### TASK TO COMPLETE
What is needed here is an exact transcription of all the entries.

---------- SOURCE DATA

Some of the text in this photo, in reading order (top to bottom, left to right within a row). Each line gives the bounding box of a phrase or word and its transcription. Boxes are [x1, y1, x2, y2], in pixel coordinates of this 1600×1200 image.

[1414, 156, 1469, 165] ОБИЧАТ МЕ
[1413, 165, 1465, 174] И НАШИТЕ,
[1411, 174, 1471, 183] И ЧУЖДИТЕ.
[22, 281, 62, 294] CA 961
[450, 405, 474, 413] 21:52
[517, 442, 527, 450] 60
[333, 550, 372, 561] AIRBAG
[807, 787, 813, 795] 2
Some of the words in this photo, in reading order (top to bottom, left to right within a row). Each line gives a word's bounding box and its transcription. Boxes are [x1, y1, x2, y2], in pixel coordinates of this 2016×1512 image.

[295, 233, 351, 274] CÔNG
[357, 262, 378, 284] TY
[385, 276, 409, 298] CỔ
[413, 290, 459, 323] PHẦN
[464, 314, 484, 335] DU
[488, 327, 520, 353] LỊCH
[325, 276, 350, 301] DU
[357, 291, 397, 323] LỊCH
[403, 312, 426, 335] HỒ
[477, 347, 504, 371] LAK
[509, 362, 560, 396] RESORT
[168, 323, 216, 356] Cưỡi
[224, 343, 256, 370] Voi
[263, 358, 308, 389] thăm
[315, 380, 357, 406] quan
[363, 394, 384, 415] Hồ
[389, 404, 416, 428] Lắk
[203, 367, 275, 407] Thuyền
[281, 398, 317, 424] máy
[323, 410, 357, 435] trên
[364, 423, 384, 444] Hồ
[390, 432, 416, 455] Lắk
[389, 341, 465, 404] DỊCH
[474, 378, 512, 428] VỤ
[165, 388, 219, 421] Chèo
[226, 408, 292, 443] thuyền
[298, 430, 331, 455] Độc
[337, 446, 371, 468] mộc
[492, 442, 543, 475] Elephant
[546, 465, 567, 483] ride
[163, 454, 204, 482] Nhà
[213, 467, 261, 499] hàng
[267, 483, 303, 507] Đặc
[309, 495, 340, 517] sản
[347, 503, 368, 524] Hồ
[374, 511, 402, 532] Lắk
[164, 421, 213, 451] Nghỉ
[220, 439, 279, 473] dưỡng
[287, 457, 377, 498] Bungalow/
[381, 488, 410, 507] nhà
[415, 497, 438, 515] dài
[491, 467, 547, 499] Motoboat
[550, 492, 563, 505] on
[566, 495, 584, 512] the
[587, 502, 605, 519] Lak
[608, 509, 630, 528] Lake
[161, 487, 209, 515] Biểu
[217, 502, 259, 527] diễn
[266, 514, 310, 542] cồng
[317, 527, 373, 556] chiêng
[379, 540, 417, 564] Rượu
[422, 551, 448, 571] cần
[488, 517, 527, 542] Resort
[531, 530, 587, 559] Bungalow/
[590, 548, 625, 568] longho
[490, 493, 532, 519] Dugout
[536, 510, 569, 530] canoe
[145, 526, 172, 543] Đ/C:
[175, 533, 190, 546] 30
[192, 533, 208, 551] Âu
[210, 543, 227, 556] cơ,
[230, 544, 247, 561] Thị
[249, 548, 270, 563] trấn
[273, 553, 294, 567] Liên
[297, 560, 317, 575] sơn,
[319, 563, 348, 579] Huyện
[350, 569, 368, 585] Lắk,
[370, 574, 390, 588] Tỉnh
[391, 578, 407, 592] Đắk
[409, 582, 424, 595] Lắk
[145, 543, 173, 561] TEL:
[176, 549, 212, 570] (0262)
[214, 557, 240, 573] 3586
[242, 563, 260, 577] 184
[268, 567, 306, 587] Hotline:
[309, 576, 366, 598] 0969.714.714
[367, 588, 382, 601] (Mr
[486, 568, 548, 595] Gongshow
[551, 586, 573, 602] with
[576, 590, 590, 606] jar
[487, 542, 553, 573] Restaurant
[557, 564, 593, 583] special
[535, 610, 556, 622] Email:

--------------------

### WRITTEN SOLUTION
Some of the text in this photo, in reading order (top to bottom, left to right within a row). Each line gives the bounding box of a phrase or word and its transcription. Boxes are [x1, y1, x2, y2], in pixel coordinates of this 1600×1200 image.

[1414, 156, 1469, 165] ОБИЧАТ МЕ
[1413, 165, 1465, 174] И НАШИТЕ,
[1411, 174, 1471, 183] И ЧУЖДИТЕ.
[22, 281, 62, 294] CA 961
[450, 405, 474, 413] 21:52
[517, 442, 527, 450] 60
[333, 550, 372, 561] AIRBAG
[807, 787, 813, 795] 2
Some of the words in this photo, in reading order (top to bottom, left to right within a row). Each line gives a word's bounding box and its transcription. Boxes are [x1, y1, x2, y2], in pixel coordinates of this 2016×1512 image.

[295, 233, 351, 274] CÔNG
[357, 262, 378, 284] TY
[385, 276, 409, 298] CỔ
[413, 290, 459, 323] PHẦN
[464, 314, 484, 335] DU
[488, 327, 520, 353] LỊCH
[325, 276, 350, 301] DU
[357, 291, 397, 323] LỊCH
[403, 312, 426, 335] HỒ
[477, 347, 504, 371] LAK
[509, 362, 560, 396] RESORT
[168, 323, 216, 356] Cưỡi
[224, 343, 256, 370] Voi
[263, 358, 308, 389] thăm
[315, 380, 357, 406] quan
[363, 394, 384, 415] Hồ
[389, 404, 416, 428] Lắk
[203, 367, 275, 407] Thuyền
[281, 398, 317, 424] máy
[323, 410, 357, 435] trên
[364, 423, 384, 444] Hồ
[390, 432, 416, 455] Lắk
[389, 341, 465, 404] DỊCH
[474, 378, 512, 428] VỤ
[165, 388, 219, 421] Chèo
[226, 408, 292, 443] thuyền
[298, 430, 331, 455] Độc
[337, 446, 371, 468] mộc
[492, 442, 543, 475] Elephant
[546, 465, 567, 483] ride
[163, 454, 204, 482] Nhà
[213, 467, 261, 499] hàng
[267, 483, 303, 507] Đặc
[309, 495, 340, 517] sản
[347, 503, 368, 524] Hồ
[374, 511, 402, 532] Lắk
[164, 421, 213, 451] Nghỉ
[220, 439, 279, 473] dưỡng
[287, 457, 377, 498] Bungalow/
[381, 488, 410, 507] nhà
[415, 497, 438, 515] dài
[491, 467, 547, 499] Motoboat
[550, 492, 563, 505] on
[566, 495, 584, 512] the
[587, 502, 605, 519] Lak
[608, 509, 630, 528] Lake
[161, 487, 209, 515] Biểu
[217, 502, 259, 527] diễn
[266, 514, 310, 542] cồng
[317, 527, 373, 556] chiêng
[379, 540, 417, 564] Rượu
[422, 551, 448, 571] cần
[488, 517, 527, 542] Resort
[531, 530, 587, 559] Bungalow/
[590, 548, 625, 568] longho
[490, 493, 532, 519] Dugout
[536, 510, 569, 530] canoe
[145, 526, 172, 543] Đ/C:
[175, 533, 190, 546] 30
[192, 533, 208, 551] Âu
[210, 543, 227, 556] cơ,
[230, 544, 247, 561] Thị
[249, 548, 270, 563] trấn
[273, 553, 294, 567] Liên
[297, 560, 317, 575] sơn,
[319, 563, 348, 579] Huyện
[350, 569, 368, 585] Lắk,
[370, 574, 390, 588] Tỉnh
[391, 578, 407, 592] Đắk
[409, 582, 424, 595] Lắk
[145, 543, 173, 561] TEL:
[176, 549, 212, 570] (0262)
[214, 557, 240, 573] 3586
[242, 563, 260, 577] 184
[268, 567, 306, 587] Hotline:
[309, 576, 366, 598] 0969.714.714
[367, 588, 382, 601] (Mr
[486, 568, 548, 595] Gongshow
[551, 586, 573, 602] with
[576, 590, 590, 606] jar
[487, 542, 553, 573] Restaurant
[557, 564, 593, 583] special
[535, 610, 556, 622] Email:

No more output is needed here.